There are three aspects to these investigations: one in New York, one In
Washington [at the U.S. Attorney's office] and one at main Justice [DoJ
headquarters]. If the Attorney General had recused himself, we would know
about it, and we are not aware of any such development.
-
- Marvin Smilon, a spokesman for the U.S. Attorney's office
in New York told FTW, "The department has a firm policy where we
can't comment on grand jury investigations."
-
- While federal rules of criminal procedure specifically
prohibit the disclosure of the investigative activities of grand juries,
they do not prohibit government officials from discussing matters of public
interest concerning the progress or existence of grand juries, especially
in cases where potential conflicts of interest arise.

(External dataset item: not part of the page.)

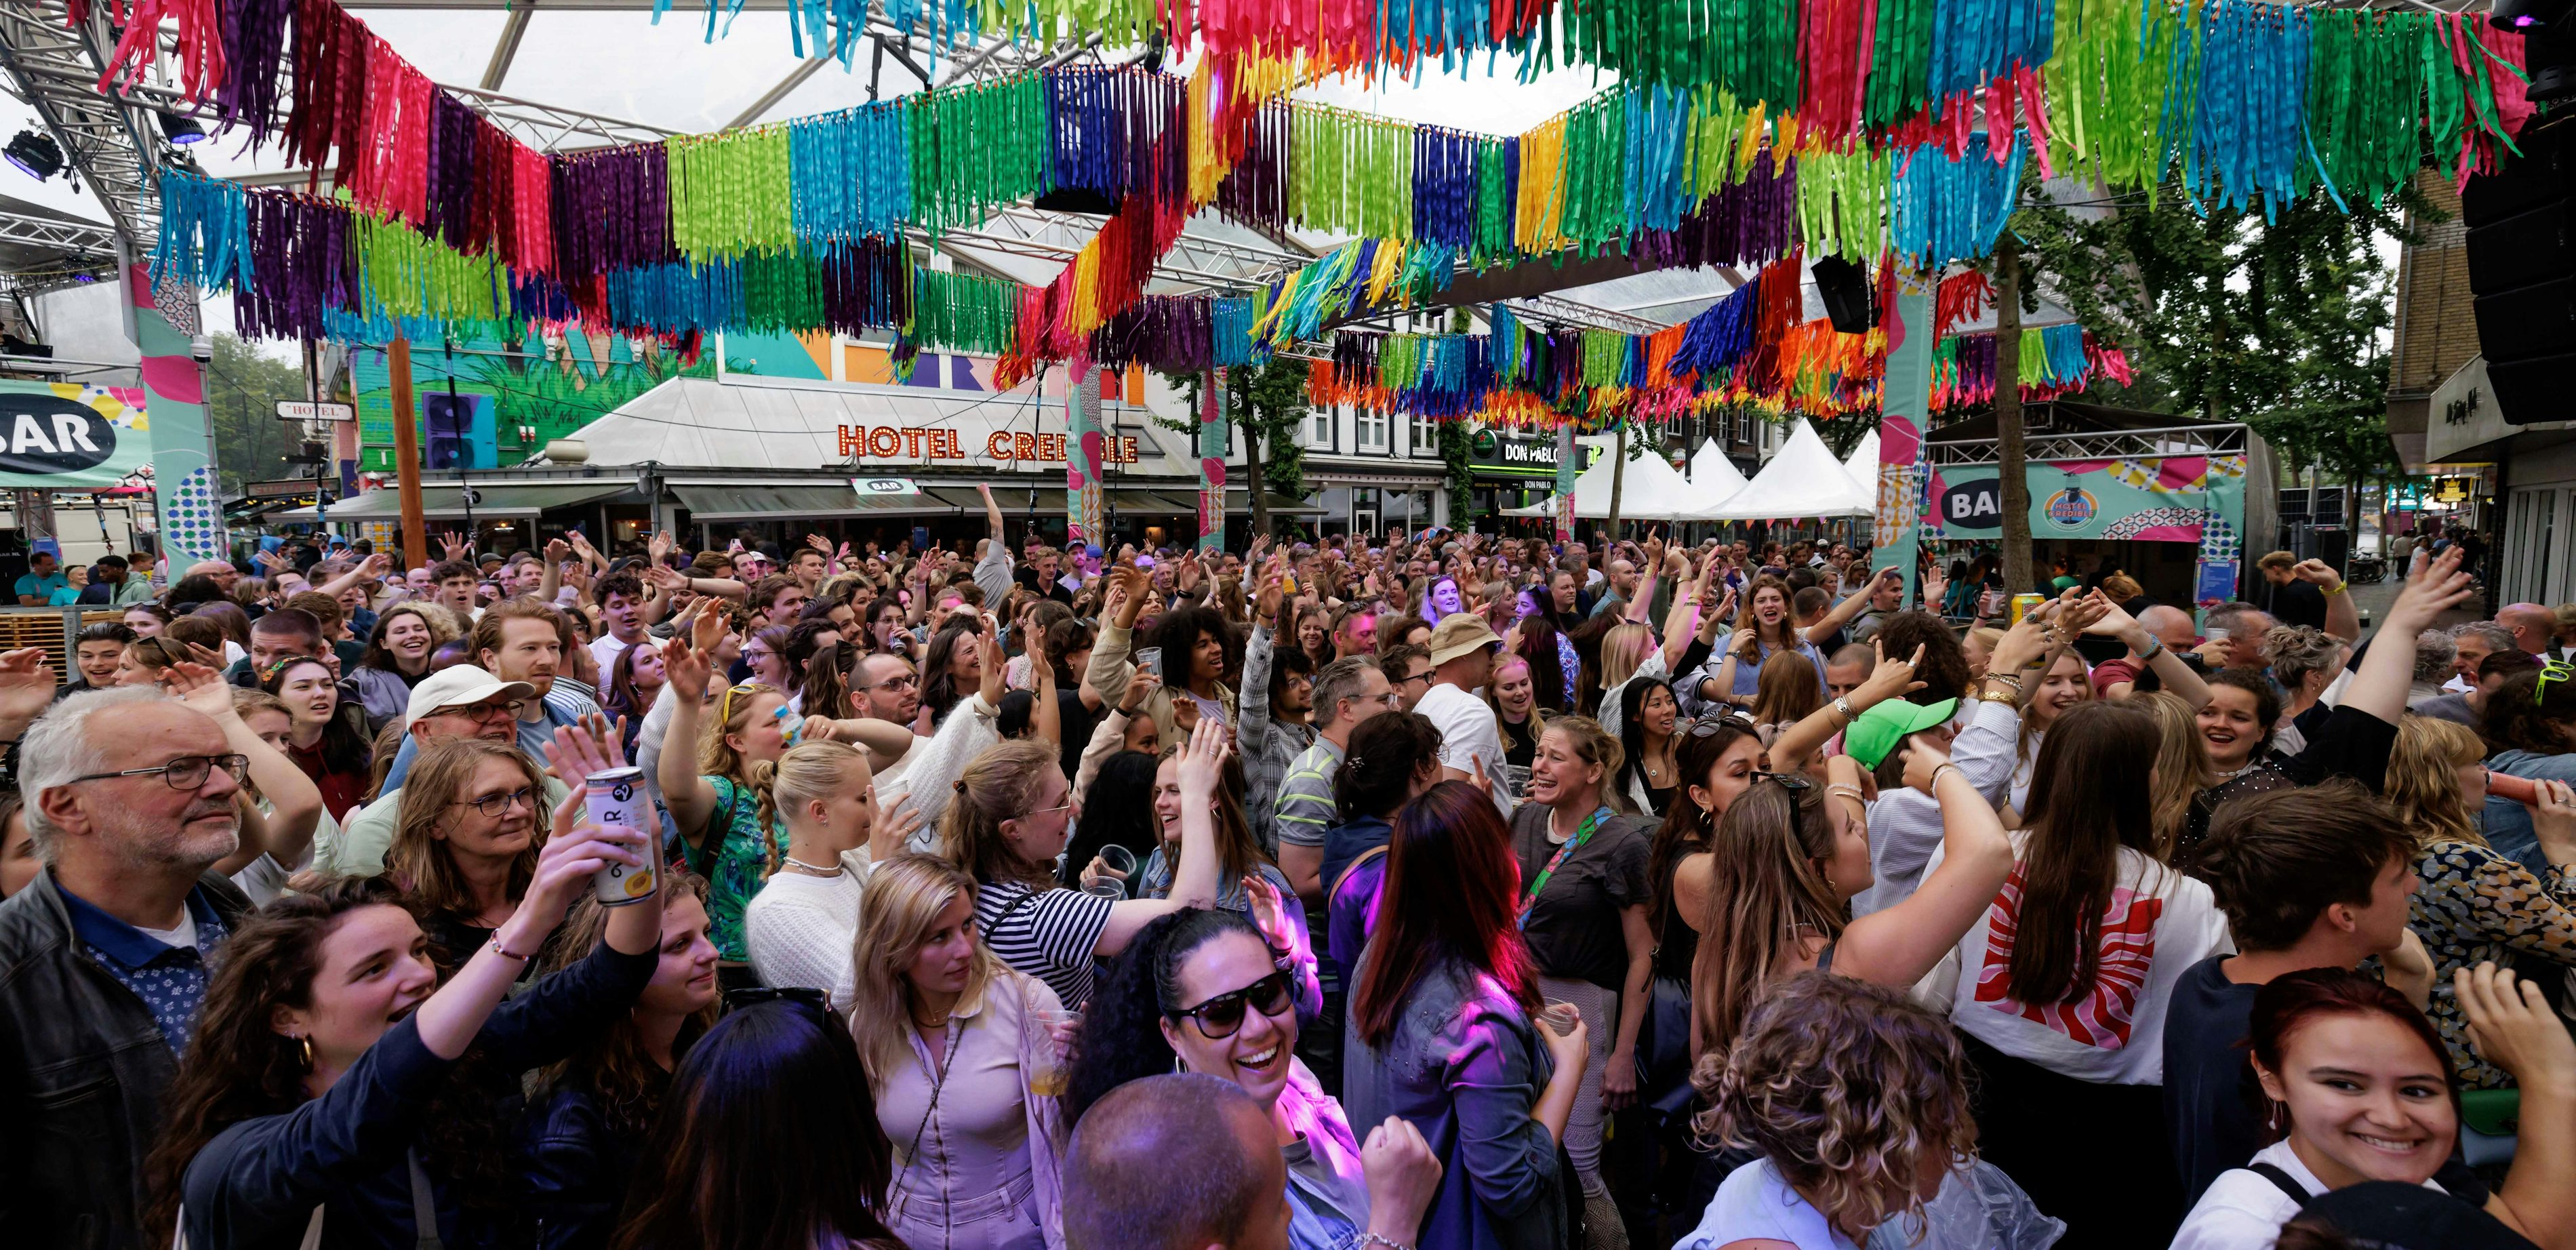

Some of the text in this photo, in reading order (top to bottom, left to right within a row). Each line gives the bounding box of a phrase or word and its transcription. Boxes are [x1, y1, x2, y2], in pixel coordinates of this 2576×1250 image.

As a number of
attorneys
contacted for this story indicated that there are times when a justice
department official would have a need, or even a duty, to inform the public
of issues which indicate that the government is protecting the public
interest.
-
- Similar moves by Ashcroft, which deviate from established
procedures, have occurred since Sept. 11, 2001. An Oct. 11, 2001 New York
Times story by Benjamin Weiser and William Rashbaum was headlined,
'Justice
Dept. Takeover of Terror Prosecutions Frustrates U.S. Attorney'. Its lead
sentence stated, "The decision to shift authority over potential
criminal prosecutions stemming from the Sept. 11 terror attacks from New
York to Washington has upset and frustrated law enforcement officials who
have investigated Osama bin Laden for nearly a decade. White's authority,
in spite of eight years of successful terror prosecutions, was thus
transferred
to Washington, in spite of the fact that her office had coordinated a Joint
Terrorist Task Force, that had won convictions of more than two dozen
terrorists
in five major trials. Her office had also secured the cooperation of
two former bin Laden aides and already had 15 of the 22 most wanted terror
suspects, as identified by the White House on Oct. 10, under
indictment.
-
- Ashcroft's decision in this case had an impact on the
grand jury process. According to the Times, Officials in Washington have
not said where grand juries investigating the attacks will sit, or where
the indictments may eventually be brought. White, a Clinton appointee,
resigned as U.S. Attorney in New York in December and has not responded
to a request for an interview for this story.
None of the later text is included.